Work task -
Beginning with the line that contains "this 2304×1536 image.", output each line below exactly through the last one, both included, and nothing else.

(Items from a dataset)
┄┄┄┄┄┄┄┄┄┄┄┄┄┄┄┄┄┄┄┄

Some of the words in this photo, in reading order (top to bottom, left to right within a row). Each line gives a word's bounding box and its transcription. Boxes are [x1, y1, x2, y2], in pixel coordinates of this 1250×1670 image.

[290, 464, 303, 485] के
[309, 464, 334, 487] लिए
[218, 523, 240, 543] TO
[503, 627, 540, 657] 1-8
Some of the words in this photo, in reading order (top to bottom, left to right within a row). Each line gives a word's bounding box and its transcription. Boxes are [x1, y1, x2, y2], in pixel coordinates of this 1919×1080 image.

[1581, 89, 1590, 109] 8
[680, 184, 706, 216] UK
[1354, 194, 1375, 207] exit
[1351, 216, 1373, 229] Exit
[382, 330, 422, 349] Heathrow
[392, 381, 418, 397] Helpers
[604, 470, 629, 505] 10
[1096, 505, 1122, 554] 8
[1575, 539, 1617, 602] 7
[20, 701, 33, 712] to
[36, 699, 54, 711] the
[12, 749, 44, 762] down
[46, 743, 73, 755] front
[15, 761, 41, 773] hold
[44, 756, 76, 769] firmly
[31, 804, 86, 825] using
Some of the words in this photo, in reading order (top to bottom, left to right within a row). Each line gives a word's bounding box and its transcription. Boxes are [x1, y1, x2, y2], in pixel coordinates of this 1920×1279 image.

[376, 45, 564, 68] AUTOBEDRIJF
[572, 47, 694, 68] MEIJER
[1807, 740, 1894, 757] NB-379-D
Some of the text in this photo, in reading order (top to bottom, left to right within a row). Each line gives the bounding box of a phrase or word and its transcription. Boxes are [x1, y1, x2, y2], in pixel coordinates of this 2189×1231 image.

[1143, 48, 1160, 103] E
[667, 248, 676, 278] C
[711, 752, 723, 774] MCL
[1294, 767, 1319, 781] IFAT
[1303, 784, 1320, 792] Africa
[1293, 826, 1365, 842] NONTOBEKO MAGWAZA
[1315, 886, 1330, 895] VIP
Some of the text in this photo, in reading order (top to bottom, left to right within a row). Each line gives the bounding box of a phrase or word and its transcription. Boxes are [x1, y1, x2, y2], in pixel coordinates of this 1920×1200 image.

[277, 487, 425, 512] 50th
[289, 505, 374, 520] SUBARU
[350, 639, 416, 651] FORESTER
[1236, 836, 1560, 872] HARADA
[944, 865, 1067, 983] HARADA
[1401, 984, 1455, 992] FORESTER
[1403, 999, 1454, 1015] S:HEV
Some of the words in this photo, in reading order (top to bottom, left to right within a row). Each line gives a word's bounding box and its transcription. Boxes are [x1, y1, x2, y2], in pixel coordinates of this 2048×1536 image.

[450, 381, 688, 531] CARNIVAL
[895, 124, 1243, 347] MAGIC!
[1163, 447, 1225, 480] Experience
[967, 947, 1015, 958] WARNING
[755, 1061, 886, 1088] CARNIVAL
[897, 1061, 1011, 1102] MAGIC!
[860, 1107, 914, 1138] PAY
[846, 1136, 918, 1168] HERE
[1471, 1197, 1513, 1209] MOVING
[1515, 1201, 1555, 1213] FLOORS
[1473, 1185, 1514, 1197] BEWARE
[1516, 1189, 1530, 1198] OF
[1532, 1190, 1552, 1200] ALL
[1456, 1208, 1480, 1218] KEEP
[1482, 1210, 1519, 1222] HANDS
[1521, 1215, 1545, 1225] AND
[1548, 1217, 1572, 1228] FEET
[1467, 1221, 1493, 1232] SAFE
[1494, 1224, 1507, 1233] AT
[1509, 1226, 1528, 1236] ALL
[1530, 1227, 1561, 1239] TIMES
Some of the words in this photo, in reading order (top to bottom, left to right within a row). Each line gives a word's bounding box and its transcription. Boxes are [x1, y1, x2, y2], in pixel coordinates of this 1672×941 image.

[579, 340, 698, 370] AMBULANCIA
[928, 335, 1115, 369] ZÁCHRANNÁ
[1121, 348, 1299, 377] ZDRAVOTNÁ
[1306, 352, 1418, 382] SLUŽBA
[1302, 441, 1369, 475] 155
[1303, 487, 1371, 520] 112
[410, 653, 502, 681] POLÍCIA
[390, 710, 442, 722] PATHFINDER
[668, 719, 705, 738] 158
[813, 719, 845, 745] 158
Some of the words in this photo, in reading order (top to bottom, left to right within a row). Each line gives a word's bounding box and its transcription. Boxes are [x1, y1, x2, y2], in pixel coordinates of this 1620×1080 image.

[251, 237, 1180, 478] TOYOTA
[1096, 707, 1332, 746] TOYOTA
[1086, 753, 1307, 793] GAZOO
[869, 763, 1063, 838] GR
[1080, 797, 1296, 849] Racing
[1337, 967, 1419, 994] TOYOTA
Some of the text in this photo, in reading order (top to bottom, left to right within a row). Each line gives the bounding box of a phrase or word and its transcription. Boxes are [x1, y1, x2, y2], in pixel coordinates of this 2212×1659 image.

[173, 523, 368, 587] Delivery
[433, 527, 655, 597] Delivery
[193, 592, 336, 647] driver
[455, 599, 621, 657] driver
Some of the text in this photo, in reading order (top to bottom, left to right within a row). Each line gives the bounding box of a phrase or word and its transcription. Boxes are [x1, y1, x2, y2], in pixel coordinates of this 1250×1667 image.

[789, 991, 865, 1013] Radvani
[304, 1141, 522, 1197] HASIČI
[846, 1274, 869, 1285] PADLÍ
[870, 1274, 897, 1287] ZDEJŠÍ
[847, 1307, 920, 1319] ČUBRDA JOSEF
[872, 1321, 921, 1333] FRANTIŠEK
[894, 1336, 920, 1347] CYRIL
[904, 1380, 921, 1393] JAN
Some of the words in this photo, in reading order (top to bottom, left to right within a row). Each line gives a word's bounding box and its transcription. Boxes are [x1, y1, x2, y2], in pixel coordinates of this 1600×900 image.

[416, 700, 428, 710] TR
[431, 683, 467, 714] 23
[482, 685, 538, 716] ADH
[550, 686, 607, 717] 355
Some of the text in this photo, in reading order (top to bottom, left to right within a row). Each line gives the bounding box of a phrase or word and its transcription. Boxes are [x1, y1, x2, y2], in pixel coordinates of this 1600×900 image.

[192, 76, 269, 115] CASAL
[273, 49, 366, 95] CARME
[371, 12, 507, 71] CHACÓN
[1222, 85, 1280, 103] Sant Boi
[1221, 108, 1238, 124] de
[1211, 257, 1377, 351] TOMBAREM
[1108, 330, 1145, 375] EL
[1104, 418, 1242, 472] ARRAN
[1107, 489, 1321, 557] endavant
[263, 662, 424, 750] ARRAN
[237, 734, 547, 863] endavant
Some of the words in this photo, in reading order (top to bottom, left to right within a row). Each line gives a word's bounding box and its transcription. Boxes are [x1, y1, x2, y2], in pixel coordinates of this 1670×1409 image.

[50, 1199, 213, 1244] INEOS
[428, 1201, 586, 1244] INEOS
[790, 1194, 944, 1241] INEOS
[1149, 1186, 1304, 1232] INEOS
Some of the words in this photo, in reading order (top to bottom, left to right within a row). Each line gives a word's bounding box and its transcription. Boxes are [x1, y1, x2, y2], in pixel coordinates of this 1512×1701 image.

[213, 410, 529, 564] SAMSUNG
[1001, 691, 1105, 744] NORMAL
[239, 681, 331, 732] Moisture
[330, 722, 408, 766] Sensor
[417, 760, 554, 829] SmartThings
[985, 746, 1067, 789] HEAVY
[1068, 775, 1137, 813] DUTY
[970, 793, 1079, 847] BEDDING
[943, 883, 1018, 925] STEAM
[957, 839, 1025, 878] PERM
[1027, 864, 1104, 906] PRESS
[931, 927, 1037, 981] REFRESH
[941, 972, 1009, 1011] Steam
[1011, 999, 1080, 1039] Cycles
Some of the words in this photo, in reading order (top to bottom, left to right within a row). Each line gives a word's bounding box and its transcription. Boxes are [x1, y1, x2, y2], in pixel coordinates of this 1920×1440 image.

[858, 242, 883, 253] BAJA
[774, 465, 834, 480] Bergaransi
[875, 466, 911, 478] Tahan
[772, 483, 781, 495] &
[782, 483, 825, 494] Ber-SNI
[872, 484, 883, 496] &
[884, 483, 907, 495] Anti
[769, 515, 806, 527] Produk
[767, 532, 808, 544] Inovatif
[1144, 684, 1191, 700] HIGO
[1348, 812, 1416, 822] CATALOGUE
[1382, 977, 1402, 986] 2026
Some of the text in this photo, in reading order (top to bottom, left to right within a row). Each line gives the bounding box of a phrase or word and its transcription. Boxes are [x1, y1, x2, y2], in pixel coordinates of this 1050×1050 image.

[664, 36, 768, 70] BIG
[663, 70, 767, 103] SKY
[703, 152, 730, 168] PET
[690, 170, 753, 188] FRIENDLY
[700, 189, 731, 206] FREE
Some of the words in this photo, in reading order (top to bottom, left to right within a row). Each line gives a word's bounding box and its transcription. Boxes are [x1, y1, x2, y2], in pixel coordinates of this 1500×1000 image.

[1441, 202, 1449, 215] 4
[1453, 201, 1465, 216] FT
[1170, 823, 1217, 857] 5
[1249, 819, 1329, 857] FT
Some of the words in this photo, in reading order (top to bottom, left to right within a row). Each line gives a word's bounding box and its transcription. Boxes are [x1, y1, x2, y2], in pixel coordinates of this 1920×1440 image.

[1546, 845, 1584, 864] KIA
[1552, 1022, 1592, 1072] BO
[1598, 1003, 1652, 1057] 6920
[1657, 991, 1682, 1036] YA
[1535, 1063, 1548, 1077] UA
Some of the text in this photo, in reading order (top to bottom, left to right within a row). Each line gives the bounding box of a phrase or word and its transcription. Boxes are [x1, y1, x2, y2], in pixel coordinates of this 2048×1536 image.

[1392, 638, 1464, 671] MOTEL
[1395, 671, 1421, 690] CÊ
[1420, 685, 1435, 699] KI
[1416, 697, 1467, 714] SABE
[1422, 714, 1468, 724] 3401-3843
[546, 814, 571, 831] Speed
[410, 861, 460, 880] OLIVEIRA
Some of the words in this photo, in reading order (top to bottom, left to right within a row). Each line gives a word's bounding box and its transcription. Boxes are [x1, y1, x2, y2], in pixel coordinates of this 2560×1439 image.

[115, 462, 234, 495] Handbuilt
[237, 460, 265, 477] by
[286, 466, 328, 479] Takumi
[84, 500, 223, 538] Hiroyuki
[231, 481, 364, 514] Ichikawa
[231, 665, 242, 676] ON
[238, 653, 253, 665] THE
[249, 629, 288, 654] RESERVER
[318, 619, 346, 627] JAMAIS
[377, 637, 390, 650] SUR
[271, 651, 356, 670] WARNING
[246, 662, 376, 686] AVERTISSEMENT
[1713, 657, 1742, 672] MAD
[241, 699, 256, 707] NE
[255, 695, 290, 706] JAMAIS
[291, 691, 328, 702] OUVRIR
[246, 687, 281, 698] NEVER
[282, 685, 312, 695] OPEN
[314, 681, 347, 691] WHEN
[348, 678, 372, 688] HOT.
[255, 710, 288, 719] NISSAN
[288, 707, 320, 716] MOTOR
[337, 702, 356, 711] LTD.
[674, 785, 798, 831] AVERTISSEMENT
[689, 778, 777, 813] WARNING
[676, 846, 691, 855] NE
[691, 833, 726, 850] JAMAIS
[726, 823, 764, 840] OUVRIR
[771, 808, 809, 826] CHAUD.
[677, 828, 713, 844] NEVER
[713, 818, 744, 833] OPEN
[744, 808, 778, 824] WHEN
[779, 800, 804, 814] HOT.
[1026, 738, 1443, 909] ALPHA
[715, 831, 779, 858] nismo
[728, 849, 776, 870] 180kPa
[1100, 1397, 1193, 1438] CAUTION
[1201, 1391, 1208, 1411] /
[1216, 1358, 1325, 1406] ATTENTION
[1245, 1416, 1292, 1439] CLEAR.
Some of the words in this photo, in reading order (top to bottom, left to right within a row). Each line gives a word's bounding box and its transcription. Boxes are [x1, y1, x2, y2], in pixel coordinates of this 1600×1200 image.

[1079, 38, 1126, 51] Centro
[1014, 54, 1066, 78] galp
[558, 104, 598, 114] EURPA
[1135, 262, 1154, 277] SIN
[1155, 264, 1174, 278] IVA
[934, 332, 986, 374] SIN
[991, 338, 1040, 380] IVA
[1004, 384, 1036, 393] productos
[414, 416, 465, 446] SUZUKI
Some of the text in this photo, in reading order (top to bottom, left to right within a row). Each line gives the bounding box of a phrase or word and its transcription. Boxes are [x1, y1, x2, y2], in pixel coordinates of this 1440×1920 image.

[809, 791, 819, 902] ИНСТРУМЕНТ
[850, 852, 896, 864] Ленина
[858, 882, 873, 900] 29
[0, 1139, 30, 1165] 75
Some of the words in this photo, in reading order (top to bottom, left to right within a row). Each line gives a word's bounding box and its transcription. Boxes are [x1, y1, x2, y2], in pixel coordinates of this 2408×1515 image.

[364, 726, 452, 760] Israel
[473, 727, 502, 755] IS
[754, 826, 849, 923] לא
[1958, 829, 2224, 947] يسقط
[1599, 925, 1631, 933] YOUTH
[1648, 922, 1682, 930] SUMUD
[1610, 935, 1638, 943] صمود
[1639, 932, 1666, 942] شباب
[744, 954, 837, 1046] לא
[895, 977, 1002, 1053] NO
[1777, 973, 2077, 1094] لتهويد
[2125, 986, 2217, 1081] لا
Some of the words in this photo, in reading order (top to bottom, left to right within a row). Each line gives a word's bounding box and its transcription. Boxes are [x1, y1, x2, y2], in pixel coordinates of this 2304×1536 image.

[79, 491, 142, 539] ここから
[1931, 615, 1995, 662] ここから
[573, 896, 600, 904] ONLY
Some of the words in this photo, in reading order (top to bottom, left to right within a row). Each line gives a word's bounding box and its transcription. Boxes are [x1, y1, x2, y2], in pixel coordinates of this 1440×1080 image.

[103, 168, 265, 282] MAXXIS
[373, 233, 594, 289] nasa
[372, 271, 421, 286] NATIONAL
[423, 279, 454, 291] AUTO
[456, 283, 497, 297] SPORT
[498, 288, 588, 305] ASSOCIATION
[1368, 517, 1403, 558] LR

┄┄┄┄┄┄┄┄┄┄┄┄┄┄┄┄┄┄┄┄

Output for this task -
Some of the words in this photo, in reading order (top to bottom, left to right within a row). Each line gives a word's bounding box and its transcription. Boxes are [x1, y1, x2, y2], in pixel coordinates of this 2304×1536 image.

[79, 491, 142, 539] ここから
[1931, 615, 1995, 662] ここから
[573, 896, 600, 904] ONLY
Some of the words in this photo, in reading order (top to bottom, left to right within a row). Each line gives a word's bounding box and its transcription. Boxes are [x1, y1, x2, y2], in pixel coordinates of this 1440×1080 image.

[103, 168, 265, 282] MAXXIS
[373, 233, 594, 289] nasa
[372, 271, 421, 286] NATIONAL
[423, 279, 454, 291] AUTO
[456, 283, 497, 297] SPORT
[498, 288, 588, 305] ASSOCIATION
[1368, 517, 1403, 558] LR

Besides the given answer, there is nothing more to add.